The annual urban consumer inflation rate in February leapt to 31.9 percent from 25.8 percent in January.
It comes in the wake of a series of currency devaluations since March 2022. The value of the Egyptian pound has since collapsed by 50 percent.
Inflation is the highest since August 2017 - nine months after a steep devaluation - when it reached 31.92 percent.
The prices of food and basic commodities, mostly imported, have more than doubled since the Egyptian pound was devalued at the beginning of this year.
This came after the International Monetary Fund approved a bailout with Cairo in December, the third deal since President Abdel Fattah el-Sisi came to power in a 2013 military coup.
The value of the Egyptian pound against the US dollar dropped from seven in 2013 to just above 30 at the time of publication.
A shift to a flexible exchange rate regime is among the main conditions of the international lender to reduce inflation and consolidate the country's spiralling debts.
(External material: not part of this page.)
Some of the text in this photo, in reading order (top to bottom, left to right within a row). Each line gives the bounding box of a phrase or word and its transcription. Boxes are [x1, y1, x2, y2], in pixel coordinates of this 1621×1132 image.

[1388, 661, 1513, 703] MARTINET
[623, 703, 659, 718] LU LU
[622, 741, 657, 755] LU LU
Prior to the deal and the devaluation, Egypt had already been reeling from the dual impacts of the Russia-Ukraine war and the Covid-19 pandemic on the import-dependent economy.
But the fiscal measures have had immediate effects on the majority of Egypt's 104 million population, with an estimated 60 million people living below or just above the poverty line ($3.20 per day) before the current crisis.
The government last week also raised gasoline prices by around 10 percent to fulfill requirements of subsequent IMF deals to bring fuel prices in line with changes in global oil prices.